Jakarta — Komisi Pemberantasan Korupsi (KPK) resmi menetapkan enam orang sebagai tersangka dalam kasus dugaan suap dan gratifikasi di lingkungan Direktorat Jenderal Bea dan Cukai (DJBC) Kementerian Keuangan. Penetapan tersangka dilakukan usai pemeriksaan intensif terhadap pihak-pihak yang diamankan dalam operasi tangkap tangan (OTT) di Jakarta.
Pelaksana Tugas Deputi Penindakan dan Eksekusi KPK, Asep Guntur Rahayu, mengatakan penetapan tersangka dilakukan setelah penyidik menemukan kecukupan alat bukti terkait dugaan tindak pidana korupsi.
“Berdasarkan kecukupan alat bukti dalam dugaan tindak pidana korupsi berupa suap dan penerimaan lainnya atau gratifikasi di lingkungan Direktorat Jenderal Bea dan Cukai, KPK menaikkan perkara ini ke tahap penyidikan dan menetapkan enam orang sebagai tersangka,” ujar Asep dalam konferensi pers di Gedung KPK, Jakarta Selatan, Kamis (5/2/2026).
Dari enam tersangka tersebut, lima orang langsung ditahan untuk 20 hari pertama, terhitung sejak 5 hingga 24 Februari 2026. Para tersangka dititipkan di rumah tahanan cabang KPK Gedung Merah Putih.
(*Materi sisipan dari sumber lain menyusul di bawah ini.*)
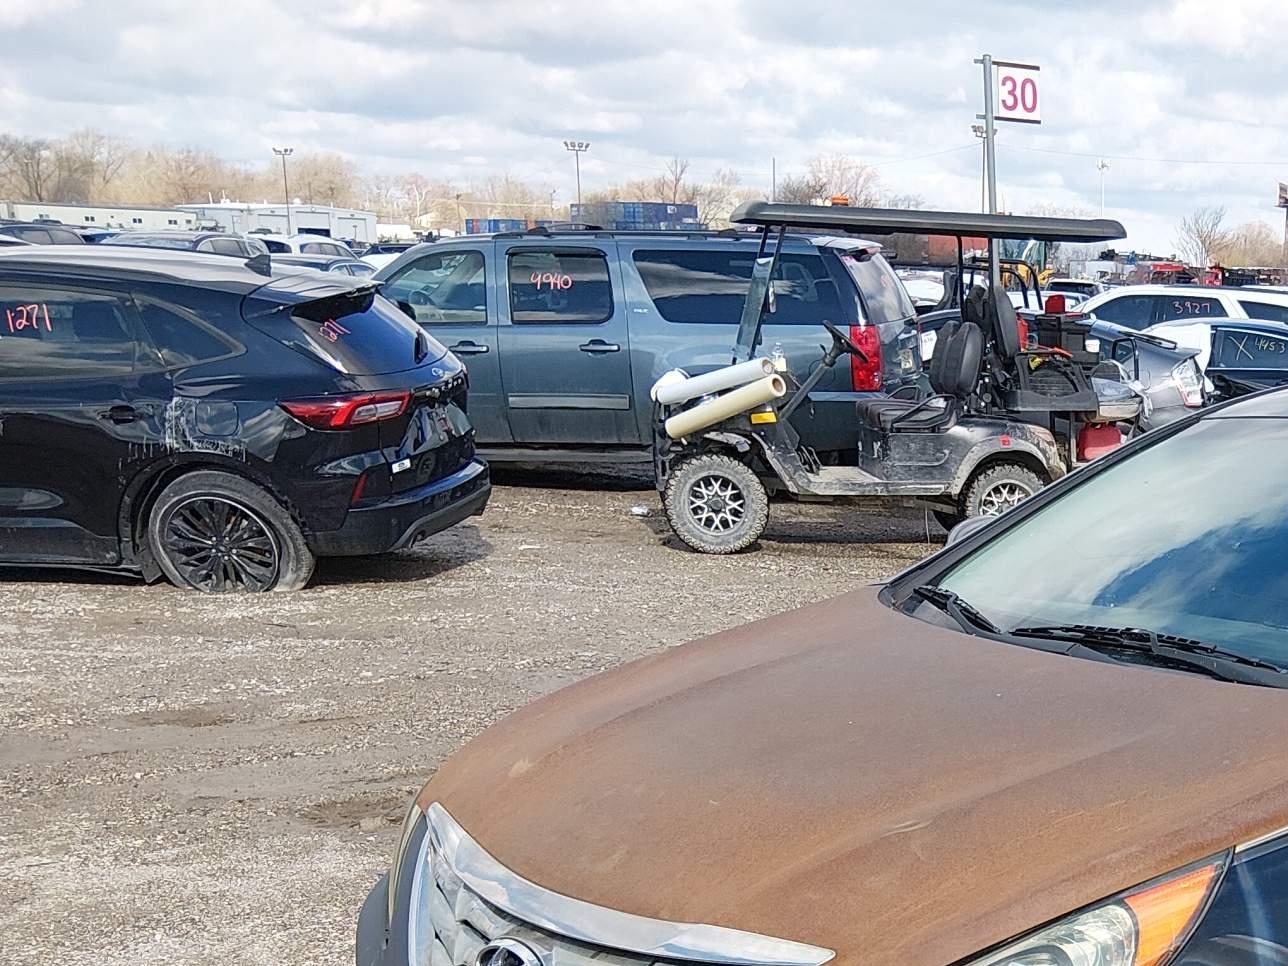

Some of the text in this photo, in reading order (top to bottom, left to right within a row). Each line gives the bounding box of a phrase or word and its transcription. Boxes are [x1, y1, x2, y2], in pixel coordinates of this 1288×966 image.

[1001, 75, 1038, 113] 30
[530, 271, 572, 290] 4940
[6, 303, 52, 333] 1271
[1172, 301, 1210, 314] 3927
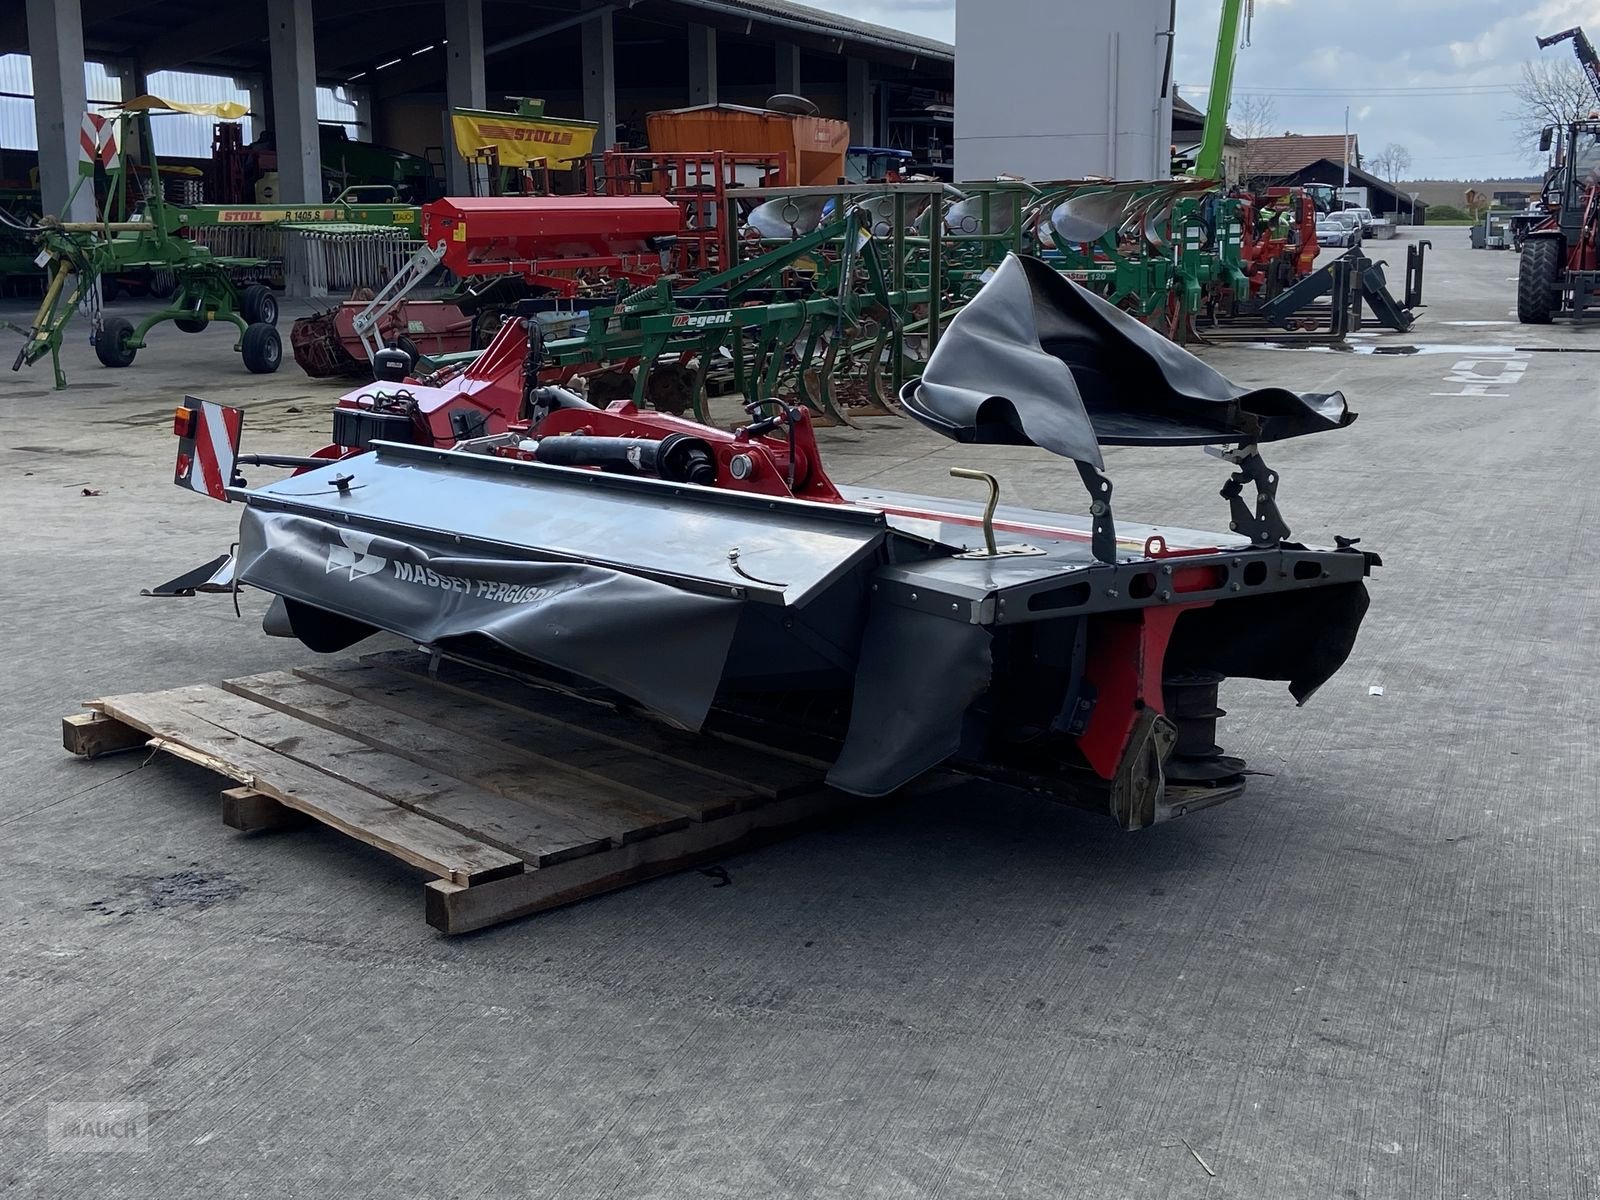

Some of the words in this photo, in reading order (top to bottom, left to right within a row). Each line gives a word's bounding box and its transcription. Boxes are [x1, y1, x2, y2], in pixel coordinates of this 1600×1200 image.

[514, 127, 562, 145] STOLL
[223, 211, 262, 221] STOLL
[285, 211, 292, 220] R
[294, 211, 312, 220] 1405
[314, 210, 321, 220] S
[394, 560, 472, 594] MASSEY
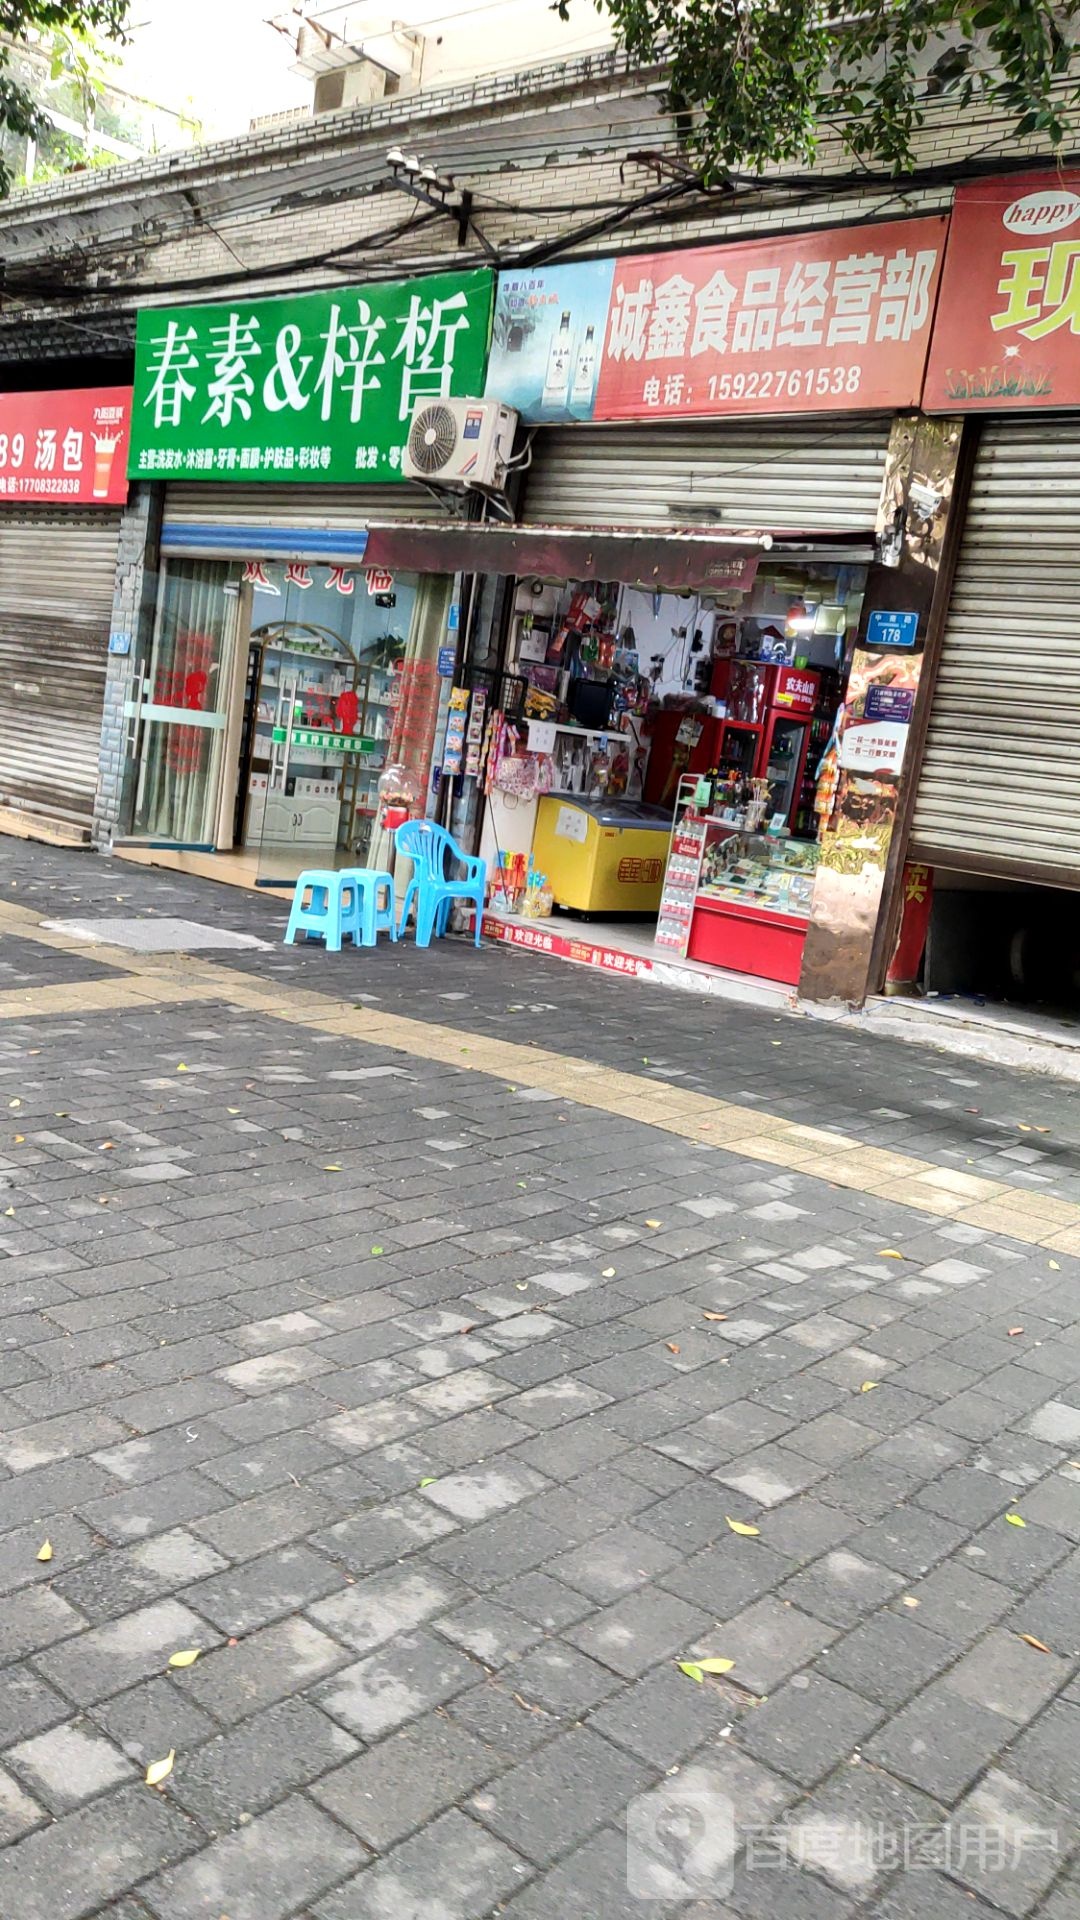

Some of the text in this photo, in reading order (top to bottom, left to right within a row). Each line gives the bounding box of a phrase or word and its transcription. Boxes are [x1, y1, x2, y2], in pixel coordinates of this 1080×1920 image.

[1006, 202, 1080, 226] happy
[990, 239, 1080, 341] 现
[607, 248, 938, 363] 诚鑫食品经营部
[882, 628, 901, 642] 178
[514, 926, 553, 950] 欢迎光临
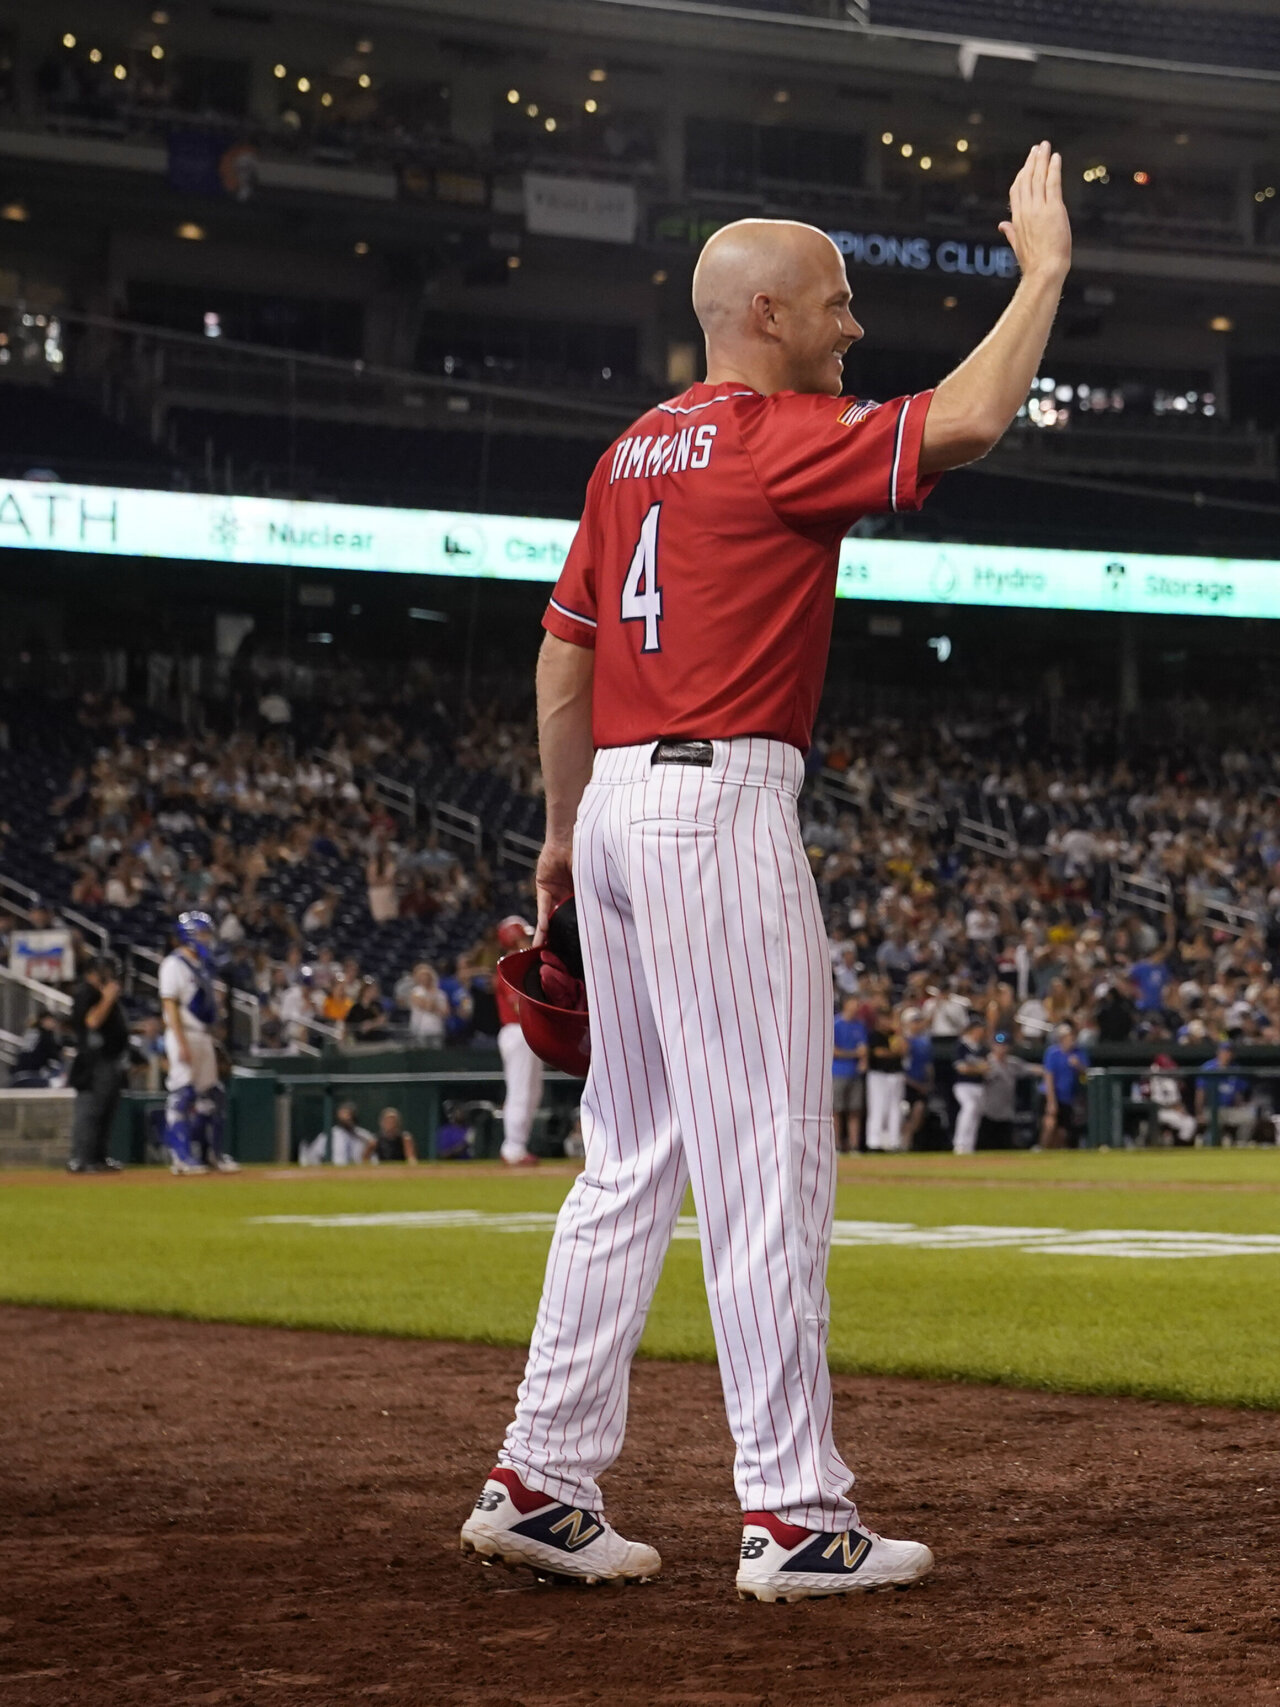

“KPK melakukan penahanan terhadap lima tersangka untuk 20 hari pertama,” kata Asep.
Sementara satu tersangka lainnya berinisial JF belum dilakukan penahanan karena melarikan diri. KPK telah mengajukan permohonan pencegahan ke luar negeri dan meminta yang bersangkutan bersikap kooperatif menjalani proses hukum.
“Terhadap tersangka JF, KPK akan menerbitkan surat pencegahan ke luar negeri dan meminta agar yang bersangkutan kooperatif mengikuti proses hukum,” ujarnya.
Adapun enam tersangka yang ditetapkan dalam perkara ini yakni Rizal (RZL), Direktur Penindakan dan Penyidikan DJBC periode 2024 hingga Januari 2026; Sisprian Subiaksono (SIS), Kepala Subdirektorat Intelijen Penindakan dan Penyidikan DJBC; Orlando (ORL), Kepala Seksi Intelijen DJBC; Jhon Field (JF), pemilik PT Blueray; Andri (AND), Ketua Tim Dokumen Importasi PT Blueray; serta Dedy Kurniawan (DK), Manajer Operasional PT Blueray.
Dalam OTT yang digelar KPK pada Kamis (5/2/2026) tersebut, penyidik mengamankan sebanyak 17 orang. KPK juga menyita barang bukti berupa uang tunai miliaran rupiah serta emas seberat tiga kilogram.
Kasus ini berkaitan dengan dugaan praktik korupsi dalam proses impor yang melibatkan oknum pejabat Bea Cukai dan pihak swasta. KPK memastikan akan terus mendalami aliran dana serta peran masing-masing tersangka dalam perkara tersebut.